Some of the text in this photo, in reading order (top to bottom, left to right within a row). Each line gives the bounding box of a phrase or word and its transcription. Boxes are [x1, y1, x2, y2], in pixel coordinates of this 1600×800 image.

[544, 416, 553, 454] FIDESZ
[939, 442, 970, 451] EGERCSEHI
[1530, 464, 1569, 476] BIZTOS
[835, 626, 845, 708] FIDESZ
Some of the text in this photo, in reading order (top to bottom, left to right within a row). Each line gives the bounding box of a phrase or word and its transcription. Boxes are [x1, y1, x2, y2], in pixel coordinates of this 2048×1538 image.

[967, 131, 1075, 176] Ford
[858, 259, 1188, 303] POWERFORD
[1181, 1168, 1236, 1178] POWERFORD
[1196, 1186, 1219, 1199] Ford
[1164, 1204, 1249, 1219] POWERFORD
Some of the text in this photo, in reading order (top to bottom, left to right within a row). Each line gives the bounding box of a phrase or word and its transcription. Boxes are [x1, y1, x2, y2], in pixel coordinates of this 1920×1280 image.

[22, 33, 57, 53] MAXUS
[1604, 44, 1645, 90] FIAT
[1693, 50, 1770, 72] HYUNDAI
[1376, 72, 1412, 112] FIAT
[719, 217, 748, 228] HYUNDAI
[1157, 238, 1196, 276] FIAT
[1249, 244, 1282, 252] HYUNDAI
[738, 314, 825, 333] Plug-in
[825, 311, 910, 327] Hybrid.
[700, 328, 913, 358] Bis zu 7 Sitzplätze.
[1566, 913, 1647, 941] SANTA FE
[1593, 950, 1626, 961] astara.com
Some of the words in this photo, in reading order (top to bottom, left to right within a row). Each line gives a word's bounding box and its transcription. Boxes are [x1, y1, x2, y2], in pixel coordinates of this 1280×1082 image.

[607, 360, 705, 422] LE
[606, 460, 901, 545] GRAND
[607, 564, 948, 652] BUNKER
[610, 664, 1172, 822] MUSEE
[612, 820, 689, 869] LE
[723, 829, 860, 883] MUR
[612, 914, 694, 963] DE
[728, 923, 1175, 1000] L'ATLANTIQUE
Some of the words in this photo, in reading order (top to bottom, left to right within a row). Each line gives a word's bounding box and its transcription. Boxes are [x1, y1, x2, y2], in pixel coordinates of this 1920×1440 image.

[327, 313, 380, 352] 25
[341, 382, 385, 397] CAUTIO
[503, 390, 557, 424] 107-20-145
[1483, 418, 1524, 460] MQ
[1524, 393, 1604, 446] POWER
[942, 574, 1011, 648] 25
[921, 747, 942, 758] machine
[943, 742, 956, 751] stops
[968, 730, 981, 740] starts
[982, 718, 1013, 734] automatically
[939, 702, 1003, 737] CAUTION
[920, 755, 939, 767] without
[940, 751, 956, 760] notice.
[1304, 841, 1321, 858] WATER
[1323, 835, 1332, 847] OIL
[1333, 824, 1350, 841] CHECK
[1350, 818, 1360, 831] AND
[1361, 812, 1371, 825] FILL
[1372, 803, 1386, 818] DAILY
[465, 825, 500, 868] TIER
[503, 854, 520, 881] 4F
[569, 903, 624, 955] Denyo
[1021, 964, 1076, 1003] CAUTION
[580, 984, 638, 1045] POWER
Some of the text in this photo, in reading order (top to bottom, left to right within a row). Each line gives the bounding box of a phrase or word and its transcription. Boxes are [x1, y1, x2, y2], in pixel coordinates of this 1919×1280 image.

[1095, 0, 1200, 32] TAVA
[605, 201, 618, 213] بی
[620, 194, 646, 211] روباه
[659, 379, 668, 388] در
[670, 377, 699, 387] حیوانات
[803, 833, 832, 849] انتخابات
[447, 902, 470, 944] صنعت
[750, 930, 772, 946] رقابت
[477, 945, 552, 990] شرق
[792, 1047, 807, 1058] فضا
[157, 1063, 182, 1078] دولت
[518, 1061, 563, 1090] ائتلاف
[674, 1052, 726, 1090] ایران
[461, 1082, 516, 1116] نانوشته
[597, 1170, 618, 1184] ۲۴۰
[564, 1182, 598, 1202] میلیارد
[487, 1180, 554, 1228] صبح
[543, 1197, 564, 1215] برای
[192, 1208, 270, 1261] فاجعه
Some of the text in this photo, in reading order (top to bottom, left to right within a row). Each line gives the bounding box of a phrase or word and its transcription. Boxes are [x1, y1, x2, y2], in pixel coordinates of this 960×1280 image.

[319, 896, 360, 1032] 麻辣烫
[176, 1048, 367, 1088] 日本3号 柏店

_ _ _

◆ TO DO
The whole of the data above must be given again, unaltered and complete.

◆ TASK ANSWER
Some of the text in this photo, in reading order (top to bottom, left to right within a row). Each line gives the bounding box of a phrase or word and its transcription. Boxes are [x1, y1, x2, y2], in pixel coordinates of this 1600×800 image.

[544, 416, 553, 454] FIDESZ
[939, 442, 970, 451] EGERCSEHI
[1530, 464, 1569, 476] BIZTOS
[835, 626, 845, 708] FIDESZ
Some of the text in this photo, in reading order (top to bottom, left to right within a row). Each line gives the bounding box of a phrase or word and its transcription. Boxes are [x1, y1, x2, y2], in pixel coordinates of this 2048×1538 image.

[967, 131, 1075, 176] Ford
[858, 259, 1188, 303] POWERFORD
[1181, 1168, 1236, 1178] POWERFORD
[1196, 1186, 1219, 1199] Ford
[1164, 1204, 1249, 1219] POWERFORD
Some of the text in this photo, in reading order (top to bottom, left to right within a row). Each line gives the bounding box of a phrase or word and its transcription. Boxes are [x1, y1, x2, y2], in pixel coordinates of this 1920×1280 image.

[22, 33, 57, 53] MAXUS
[1604, 44, 1645, 90] FIAT
[1693, 50, 1770, 72] HYUNDAI
[1376, 72, 1412, 112] FIAT
[719, 217, 748, 228] HYUNDAI
[1157, 238, 1196, 276] FIAT
[1249, 244, 1282, 252] HYUNDAI
[738, 314, 825, 333] Plug-in
[825, 311, 910, 327] Hybrid.
[700, 328, 913, 358] Bis zu 7 Sitzplätze.
[1566, 913, 1647, 941] SANTA FE
[1593, 950, 1626, 961] astara.com
Some of the words in this photo, in reading order (top to bottom, left to right within a row). Each line gives a word's bounding box and its transcription. Boxes are [x1, y1, x2, y2], in pixel coordinates of this 1280×1082 image.

[607, 360, 705, 422] LE
[606, 460, 901, 545] GRAND
[607, 564, 948, 652] BUNKER
[610, 664, 1172, 822] MUSEE
[612, 820, 689, 869] LE
[723, 829, 860, 883] MUR
[612, 914, 694, 963] DE
[728, 923, 1175, 1000] L'ATLANTIQUE
Some of the words in this photo, in reading order (top to bottom, left to right within a row). Each line gives a word's bounding box and its transcription. Boxes are [x1, y1, x2, y2], in pixel coordinates of this 1920×1440 image.

[327, 313, 380, 352] 25
[341, 382, 385, 397] CAUTIO
[503, 390, 557, 424] 107-20-145
[1483, 418, 1524, 460] MQ
[1524, 393, 1604, 446] POWER
[942, 574, 1011, 648] 25
[921, 747, 942, 758] machine
[943, 742, 956, 751] stops
[968, 730, 981, 740] starts
[982, 718, 1013, 734] automatically
[939, 702, 1003, 737] CAUTION
[920, 755, 939, 767] without
[940, 751, 956, 760] notice.
[1304, 841, 1321, 858] WATER
[1323, 835, 1332, 847] OIL
[1333, 824, 1350, 841] CHECK
[1350, 818, 1360, 831] AND
[1361, 812, 1371, 825] FILL
[1372, 803, 1386, 818] DAILY
[465, 825, 500, 868] TIER
[503, 854, 520, 881] 4F
[569, 903, 624, 955] Denyo
[1021, 964, 1076, 1003] CAUTION
[580, 984, 638, 1045] POWER
Some of the text in this photo, in reading order (top to bottom, left to right within a row). Each line gives the bounding box of a phrase or word and its transcription. Boxes are [x1, y1, x2, y2], in pixel coordinates of this 1919×1280 image.

[1095, 0, 1200, 32] TAVA
[605, 201, 618, 213] بی
[620, 194, 646, 211] روباه
[659, 379, 668, 388] در
[670, 377, 699, 387] حیوانات
[803, 833, 832, 849] انتخابات
[447, 902, 470, 944] صنعت
[750, 930, 772, 946] رقابت
[477, 945, 552, 990] شرق
[792, 1047, 807, 1058] فضا
[157, 1063, 182, 1078] دولت
[518, 1061, 563, 1090] ائتلاف
[674, 1052, 726, 1090] ایران
[461, 1082, 516, 1116] نانوشته
[597, 1170, 618, 1184] ۲۴۰
[564, 1182, 598, 1202] میلیارد
[487, 1180, 554, 1228] صبح
[543, 1197, 564, 1215] برای
[192, 1208, 270, 1261] فاجعه
Some of the text in this photo, in reading order (top to bottom, left to right within a row). Each line gives the bounding box of a phrase or word and its transcription. Boxes are [x1, y1, x2, y2], in pixel coordinates of this 960×1280 image.

[319, 896, 360, 1032] 麻辣烫
[176, 1048, 367, 1088] 日本3号 柏店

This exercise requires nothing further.